┌──

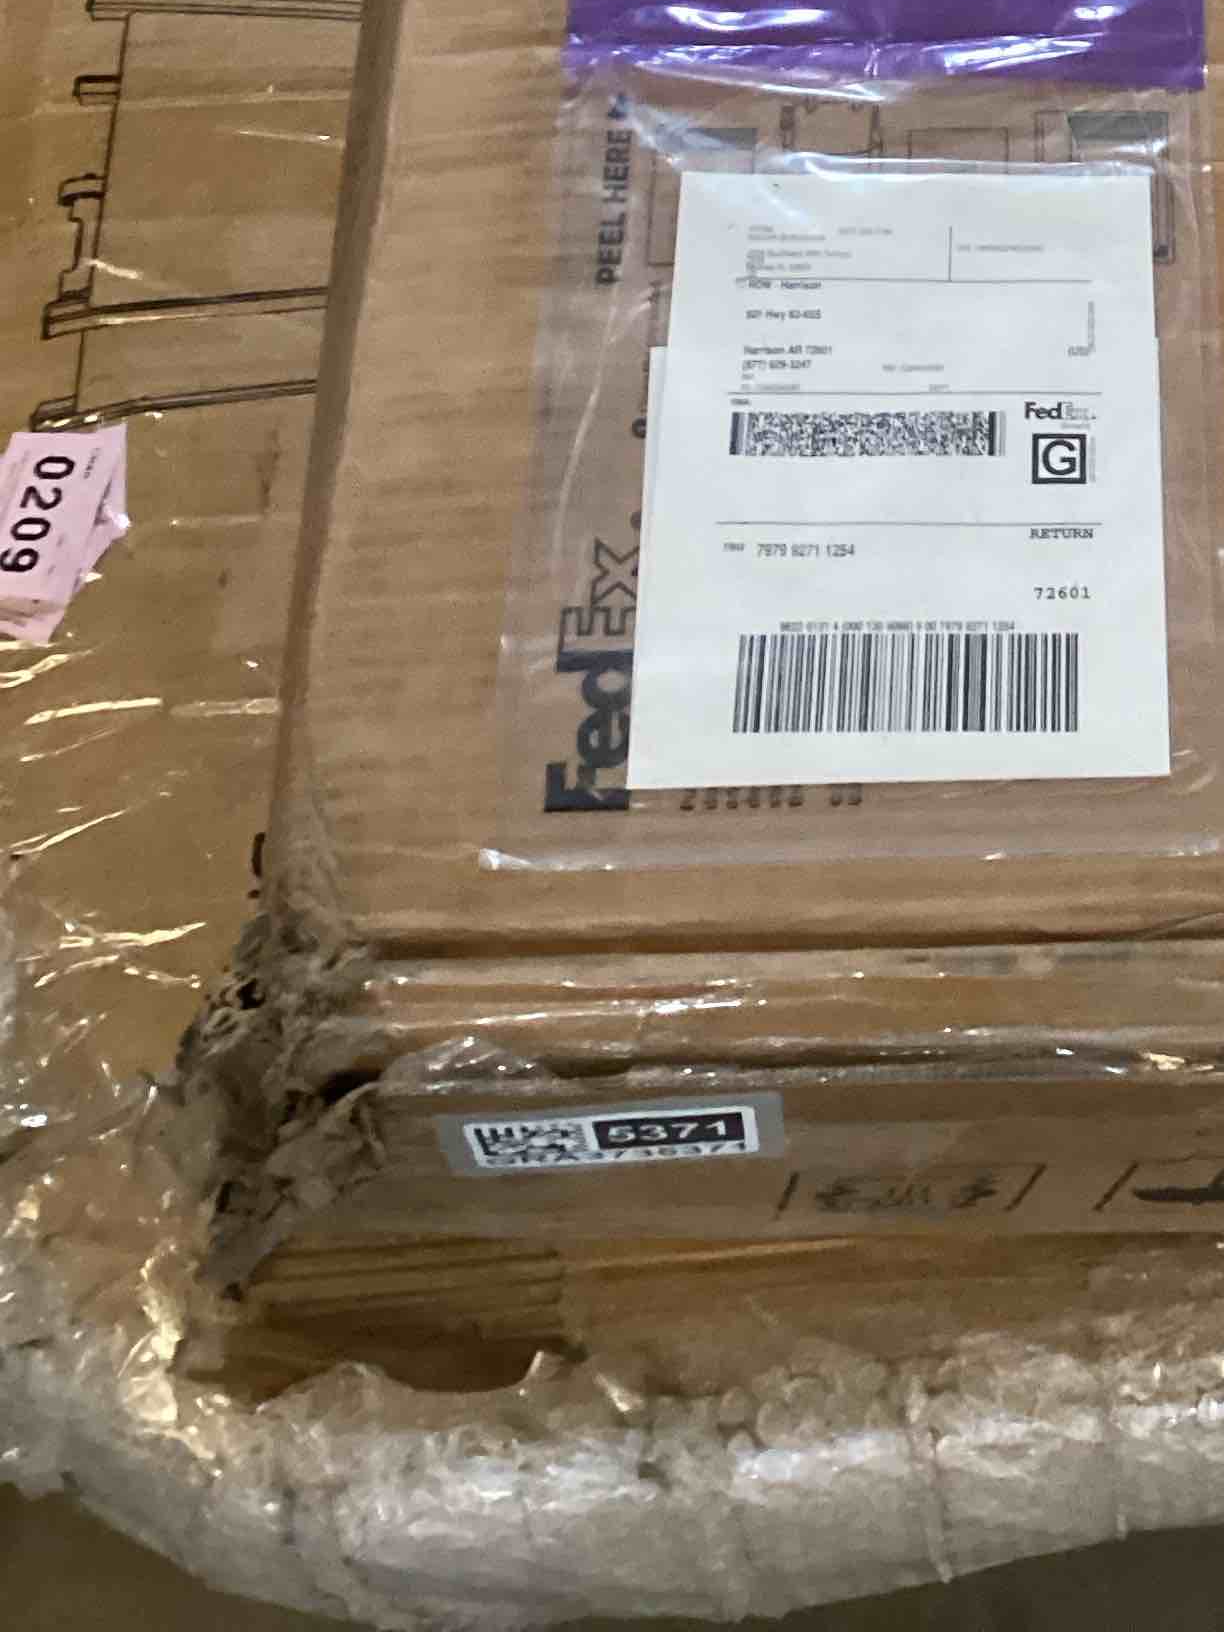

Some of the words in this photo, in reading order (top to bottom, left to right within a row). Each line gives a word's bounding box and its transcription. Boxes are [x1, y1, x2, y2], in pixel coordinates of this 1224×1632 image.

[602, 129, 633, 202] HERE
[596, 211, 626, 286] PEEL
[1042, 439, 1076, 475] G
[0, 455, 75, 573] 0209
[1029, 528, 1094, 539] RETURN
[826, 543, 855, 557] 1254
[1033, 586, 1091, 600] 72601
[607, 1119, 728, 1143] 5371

└──

TASK OBJECTIVE: Drop the images; restate the listing exactly.

RESULT:
Some of the words in this photo, in reading order (top to bottom, left to right within a row). Each line gives a word's bounding box and its transcription. Boxes are [x1, y1, x2, y2], in pixel coordinates of this 1224×1632 image.

[602, 129, 633, 202] HERE
[596, 211, 626, 286] PEEL
[1042, 439, 1076, 475] G
[0, 455, 75, 573] 0209
[1029, 528, 1094, 539] RETURN
[826, 543, 855, 557] 1254
[1033, 586, 1091, 600] 72601
[607, 1119, 728, 1143] 5371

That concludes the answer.